One Book, One Community choice in Alliance, OH
"Book of the Year" at the College of the Redwoods and Humboldt State University, CA

"The book presents the voices and experiences of a young Northwest couple grappling with issues of food production, sustainability and globalization in a year-long adventure spent in attempting to eat a fully local diet. In the process they reconnect with the people and places that produce food in their region, and enable the reader to grasp the extent to which food production and eating habits of North Americans have changed over the last century.

The choice highlights campus interest in sustainability and local farming, dovetails with current community interest in highlighting local specialty food production, and offers accessible and appealing reading for incoming freshmen. The committees are working on bringing the authors to the area in the fall for presentations."--Mary H. Kay, Chair, Information Services Dept., Collection Development Librarian, Humboldt State University

Like many great adventures, the 100-mile diet began with a memorable feast.

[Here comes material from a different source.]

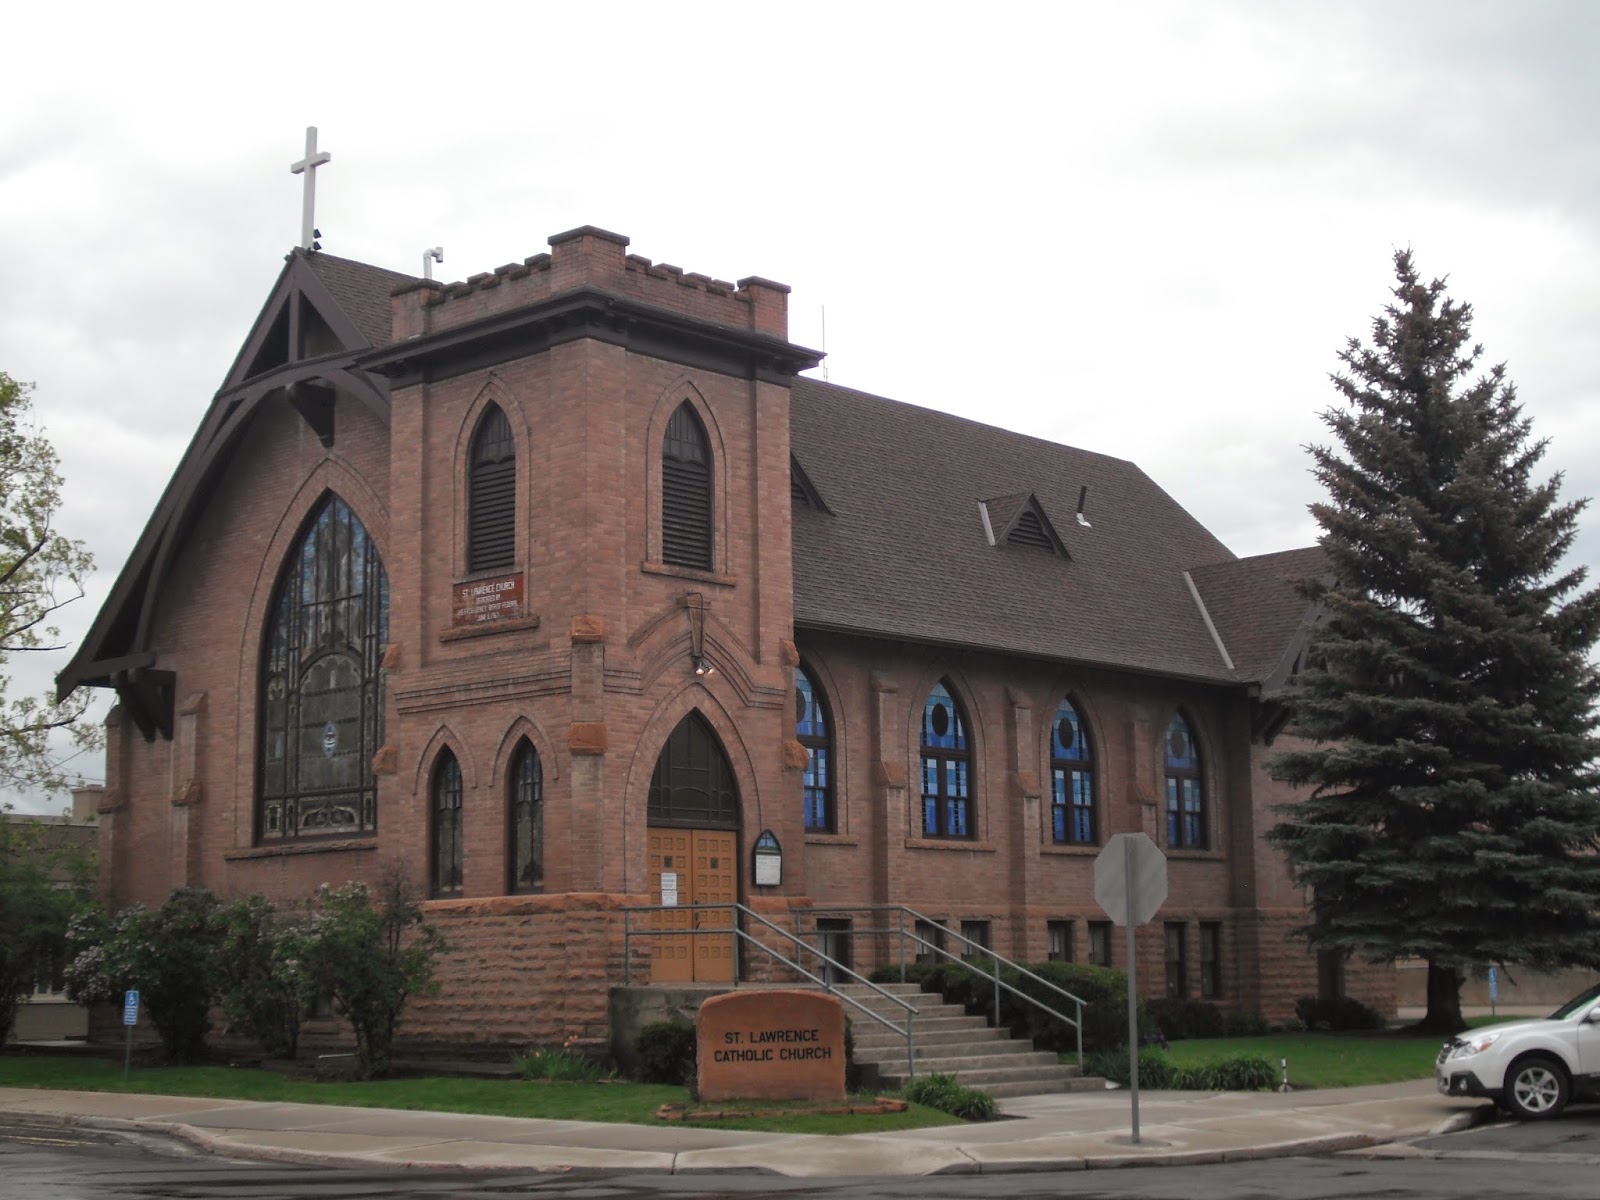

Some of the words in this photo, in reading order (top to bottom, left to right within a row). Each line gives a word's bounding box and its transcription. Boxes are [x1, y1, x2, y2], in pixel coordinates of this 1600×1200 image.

Stranded in their off-the-grid summer cottage in the Canadian wilderness with unexpected guests, Alisa Smith and J.B. MacKinnon turned to the land around them. They caught a trout, picked mushrooms, and mulled apples from an abandoned orchard with rose hips in wine. The meal was truly satisfying; every ingredient had a story, a direct line they could trace from the soil to their forks. The experience raised a question: Was it possible to eat this way in their everyday lives?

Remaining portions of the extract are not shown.